Expert Blog

Forget carjacking: carhacking is what should scare us now

Is 2015 going to be a good year for you? A recent edition of the Times may have given some motorists food for thought with its front page headline written black and bold: ‘Hackers could control your car remotely, drivers told.’ And the story underneath was no cheerier. Apparently, according to a range of industry experts, the increased computerisation and connectedness of our vehicles is opening them up to new threats. Hackers could – in theory and, in some cases, in practice –take over their systems from outside. Your locks, your steering, your brakes; all in the hands of someone who means no good.   

What makes this immediately scary is the fact that it’s already happening. The Times article mentions how tech-savvy thieves have managed to bypass the security systems on certain “keyless” BMWs and Range Rovers. It also cites a study, conducted last year, which demonstrated how hackers could ‘accelerate and brake, honk the horn, switch the headlights on and off, change the speedometer and fuel gauge and cause the car to swerve’. It was a physical connection between the vehicle and a laptop in that case, but the same principles presumably hold true for wireless connections.

But the really scary thing is what this means for the future. We are pretty evangelical about electric and driverless motoring on this blog, but there’s no denying that it raises several dread questions. For instance: if hackers can already take control of the cars that we’re driving, what about the cars that we’re not driving? Autonomous vehicles will rely on numerous sensors to navigate the roads. They will be digitised and hooked-up to an extent never before seen. Even just the slightest adjustment to their computations could have horrible consequences. 

And it’s not just the prospect of being sent off course that should concern us. As vehicles become more and more like iPads on wheels, they could also become susceptible to old-fashioned sorts of hackery. Imagine if cars follow mobile phones and start storing our credit card details to make wireless payments. That would be mighty convenient when you sweep through the local petrol station, but it would also be another thing that needs defending from the predations of the hackers. Everything from emails to personal photographs could be stolen from your glove compartment in the cloud. And it may not even take a person to commit the crime: Stephen Hawking has recently warned of the danger that artificial intelligence poses to humanity.

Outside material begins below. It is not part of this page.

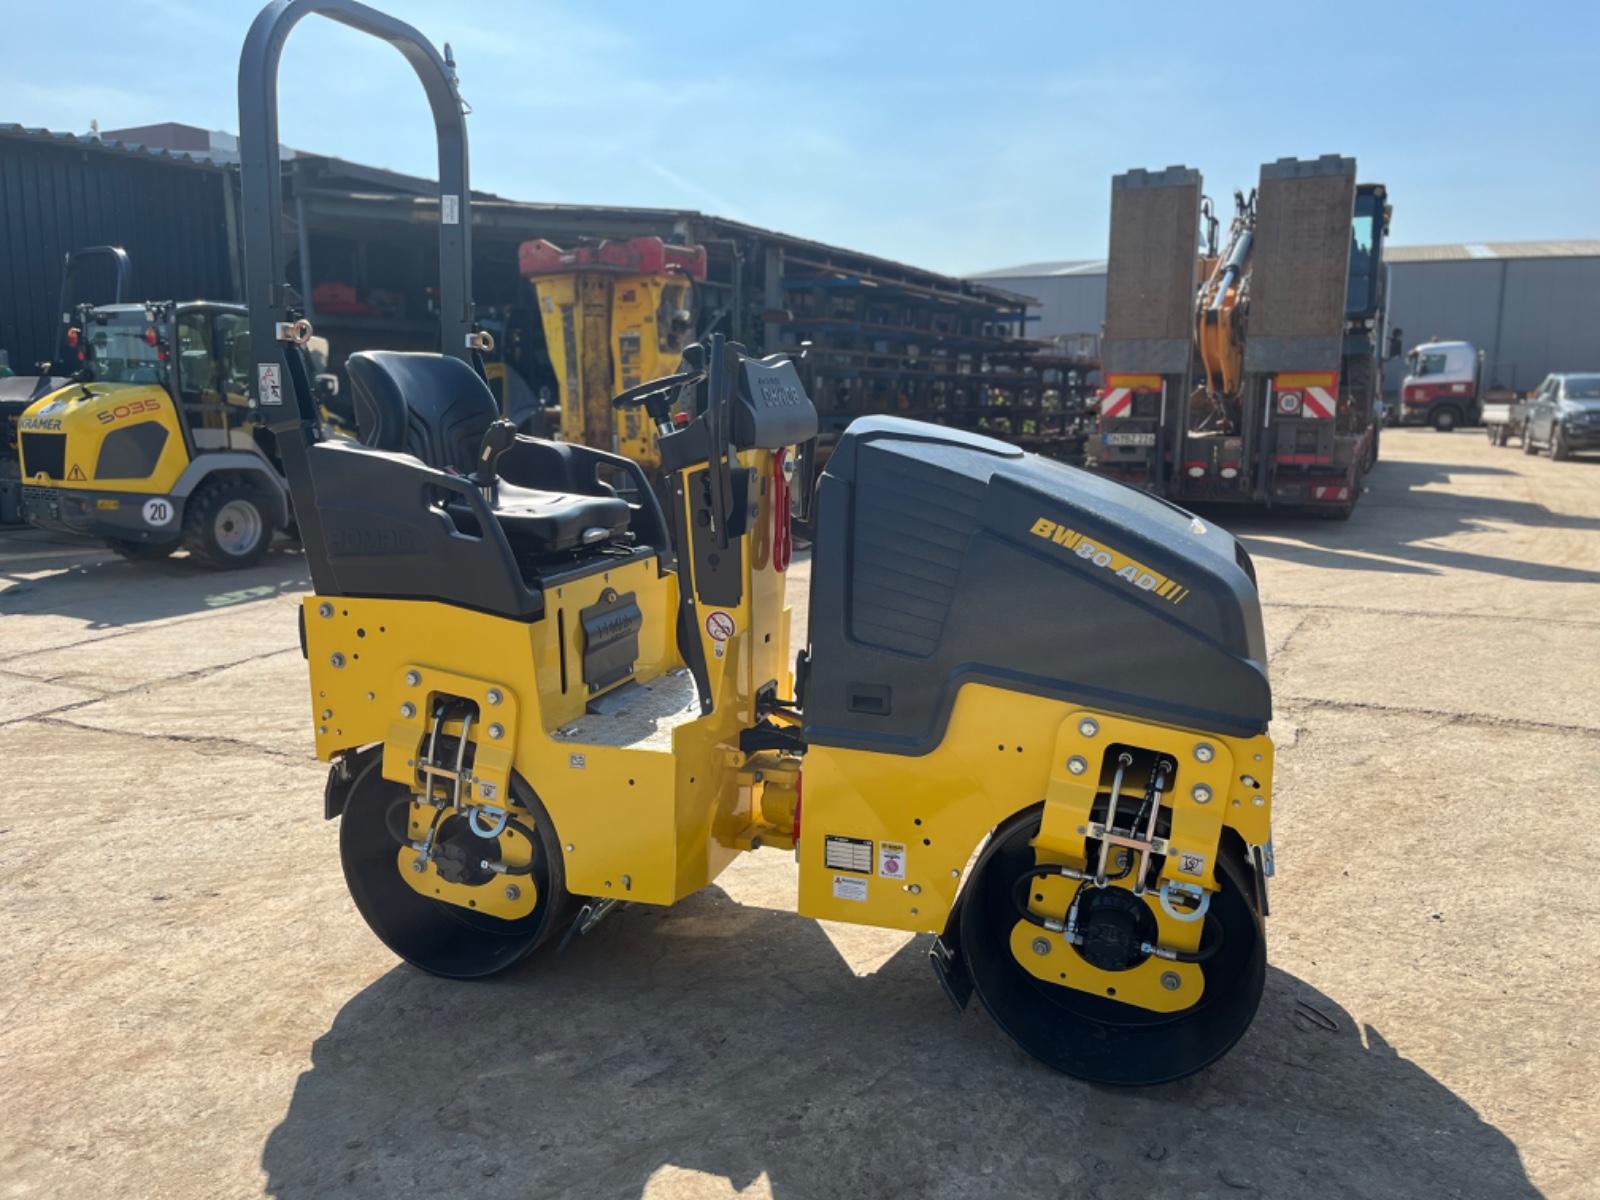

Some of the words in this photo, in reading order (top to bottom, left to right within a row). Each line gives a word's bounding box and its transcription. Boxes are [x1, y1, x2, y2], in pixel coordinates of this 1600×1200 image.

Oh dear. Let’s stop before we get carried away with our fears. The simple truth is that, despite the gloominess of this post, motoring is rapidly changing for the better. But change always creates new challenges, and it would be irresponsible of us – and particularly of car manufacturers – to ignore them. Far better that we pre-empt and maybe even prevent them. So here’s a shout-out to garage-owners across the country: you might want to start hiring techies to work alongside your traditional repairmen.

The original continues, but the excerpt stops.